8020Info Associate Harvey Schachter replies:

Loyalty expert Fred Reichheld of Bain & Company developed this approach. After trying out a host of questions over the years to find the link between customer satisfaction and profits, he found to his surprise that only one needs to be asked:

How likely is it that you would recommend this company to a friend or colleague?

Respondents are asked to give a score to this ultimate question, on a scale from a low of zero to a high of 10.

Scores of 5 or 6, or even 7 and 8, despite being above the midpoint are simply not good enough. You want people rating your organization or service at 9 or 10. At that level, they are considered promoters of your company. They are telling others to do business with you.

Customers who value your company at 7 or 8 are considered passive. They aren’t likely to say negative things about you to others, but they also aren’t likely saying anything particularly positive.

Anyone who gives a score of 6 or less is considered a detractor — somebody probably hurting your company by saying negative things about it. “Some of these customers may appear profitable from an accounting standpoint, but their criticisms and attitudes diminish a company’s reputation, discourage new customers, and demotivate employees. They suck the life out of a firm,” he warns.

Ratings can be translated into a net promoter score, a measure of your effectiveness. To do that, subtract your percentage of detractors from your share of promoters. So if 60% of your customers are promoters and 40% detractors (with none giving passive ratings), your company gets a net promoter score of 20%.

His studies found the average firm sputters along with net promoter scores of only 5 to 10%. For the average firm more than two-thirds of customers are passives and bored with the company, or detractors who are actively angry. But some companies achieve net promoter scores between 50 and 80 points.

The key is not just to find out your net promoter score, but to supplement it with a customer service system that makes you more effective.

One final point: This rating approach has also been adapted for staff surveys. Would your employees recommend your company to a friend? Don’t assume. Find out.

7. News From Our Water Cooler:
Validating Draft Strategies


When you reach out to external groups as part of your strategic planning effort, you often must decide how closely to frame the questions that elicit their input. Do you ask very general questions — the equivalent of starting them off with a blank page — or do you present more specific questions or even hypotheses or draft proposals for feedback?

This year we have noticed clients canvassing opinion in a more focused and directed way.

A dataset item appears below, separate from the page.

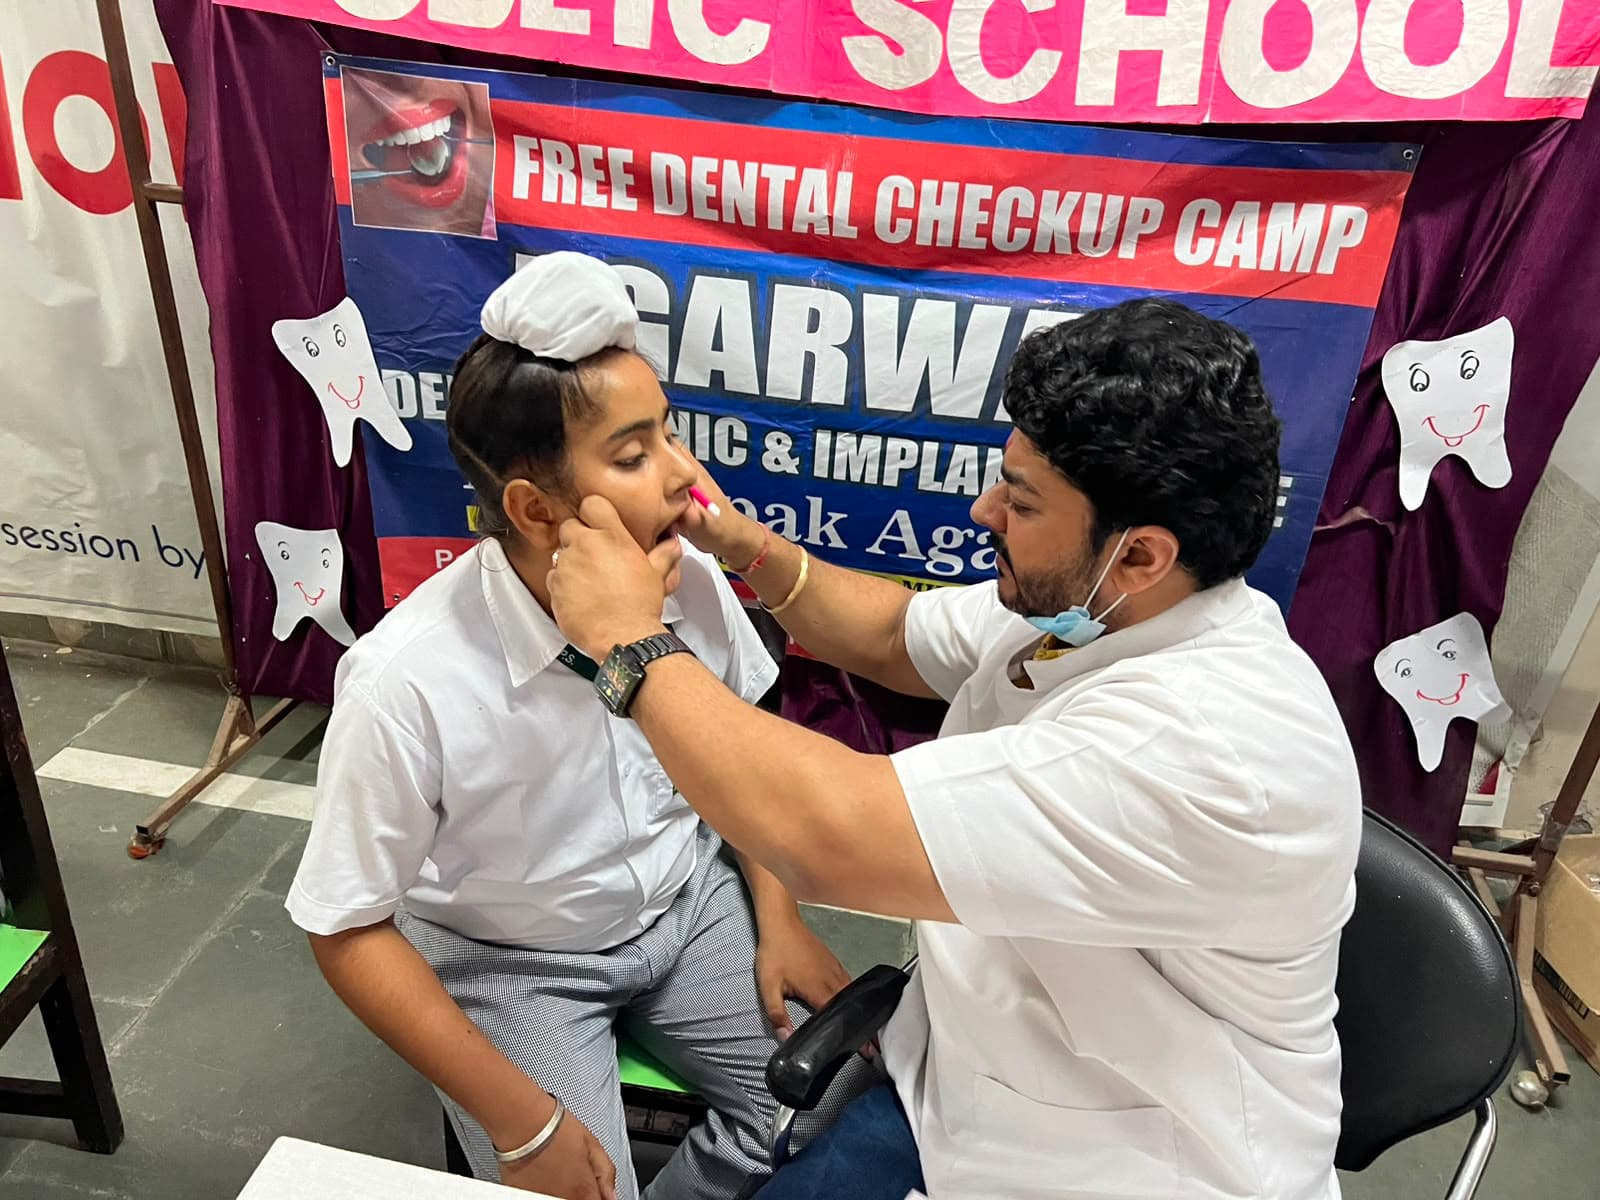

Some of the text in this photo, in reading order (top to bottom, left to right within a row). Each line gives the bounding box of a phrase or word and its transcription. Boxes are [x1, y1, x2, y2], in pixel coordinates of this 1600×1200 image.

For example, in past years clients often favoured general, open-ended strategic questions, such as: “What fundamental issues, decisions or choices do you feel will be critical to our success over the next three years?”

Recently we’ve noticed planning teams are inviting external input on more focused ideas: “What are the implications of an aging population on how we deliver services?” Or, “Some have suggested that our top priorities for 2011-2013 should be [X,Y & Z] — what is your perspective on those priorities?” It’s the difference between asking about what kinds of food you like vs. specific restaurant options.

There may be a combination of reasons for this sharper focus:

  • The organization may have previously conducted a broader survey of opinion and feel there’s little left to discover at a general level.
  • Usually it is also faster, easier and cheaper to gather feedback from stakeholders on specific options or concrete proposals.
  • Strategic planning teams may already have a strong sense of their intended strategic directions and only need validation from external groups. (It makes sense in terms of cost-effective research design — seek out only the information you need to make pending decisions.)

 

8020Info helps teams develop, communicate and implement their communications, research and strategic plans more effectively. We would be pleased to discuss your needs and welcome enquiries at (613) 542-8020, or by email at watercooler@8020info.com.

8. Closing Thought                                                                 Top

“Most conversations are simply monologues delivered in the presence of witnesses.”